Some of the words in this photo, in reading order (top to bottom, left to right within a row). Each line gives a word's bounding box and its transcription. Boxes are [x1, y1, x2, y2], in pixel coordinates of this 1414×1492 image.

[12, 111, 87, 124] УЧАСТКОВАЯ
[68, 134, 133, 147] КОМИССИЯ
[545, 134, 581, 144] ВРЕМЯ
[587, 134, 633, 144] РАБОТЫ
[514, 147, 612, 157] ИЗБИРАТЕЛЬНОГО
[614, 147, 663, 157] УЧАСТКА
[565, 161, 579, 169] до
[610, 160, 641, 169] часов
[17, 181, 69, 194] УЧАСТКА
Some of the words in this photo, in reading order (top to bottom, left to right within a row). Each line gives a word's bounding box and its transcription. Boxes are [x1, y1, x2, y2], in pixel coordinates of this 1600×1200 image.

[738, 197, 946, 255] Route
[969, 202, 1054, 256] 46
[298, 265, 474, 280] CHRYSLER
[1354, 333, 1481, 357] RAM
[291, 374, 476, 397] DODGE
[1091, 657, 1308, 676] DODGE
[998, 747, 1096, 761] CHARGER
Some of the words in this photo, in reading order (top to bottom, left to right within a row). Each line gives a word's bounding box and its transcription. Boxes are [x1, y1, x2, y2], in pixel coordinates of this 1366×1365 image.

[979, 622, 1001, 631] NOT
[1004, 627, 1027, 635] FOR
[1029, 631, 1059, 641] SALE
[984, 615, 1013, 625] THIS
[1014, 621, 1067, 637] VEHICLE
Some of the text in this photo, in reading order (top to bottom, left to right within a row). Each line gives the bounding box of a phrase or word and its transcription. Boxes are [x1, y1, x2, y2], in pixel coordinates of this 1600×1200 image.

────────

WORK TO COMPLETE
The answer is the full set of records, printed exactly as given.

WRITTEN SOLUTION
Some of the words in this photo, in reading order (top to bottom, left to right within a row). Each line gives a word's bounding box and its transcription. Boxes are [x1, y1, x2, y2], in pixel coordinates of this 1414×1492 image.

[12, 111, 87, 124] УЧАСТКОВАЯ
[68, 134, 133, 147] КОМИССИЯ
[545, 134, 581, 144] ВРЕМЯ
[587, 134, 633, 144] РАБОТЫ
[514, 147, 612, 157] ИЗБИРАТЕЛЬНОГО
[614, 147, 663, 157] УЧАСТКА
[565, 161, 579, 169] до
[610, 160, 641, 169] часов
[17, 181, 69, 194] УЧАСТКА
Some of the words in this photo, in reading order (top to bottom, left to right within a row). Each line gives a word's bounding box and its transcription. Boxes are [x1, y1, x2, y2], in pixel coordinates of this 1600×1200 image.

[738, 197, 946, 255] Route
[969, 202, 1054, 256] 46
[298, 265, 474, 280] CHRYSLER
[1354, 333, 1481, 357] RAM
[291, 374, 476, 397] DODGE
[1091, 657, 1308, 676] DODGE
[998, 747, 1096, 761] CHARGER
Some of the words in this photo, in reading order (top to bottom, left to right within a row). Each line gives a word's bounding box and its transcription. Boxes are [x1, y1, x2, y2], in pixel coordinates of this 1366×1365 image.

[979, 622, 1001, 631] NOT
[1004, 627, 1027, 635] FOR
[1029, 631, 1059, 641] SALE
[984, 615, 1013, 625] THIS
[1014, 621, 1067, 637] VEHICLE
Some of the text in this photo, in reading order (top to bottom, left to right within a row). Each line gives the bounding box of a phrase or word and its transcription. Boxes are [x1, y1, x2, y2], in pixel coordinates of this 1600×1200 image.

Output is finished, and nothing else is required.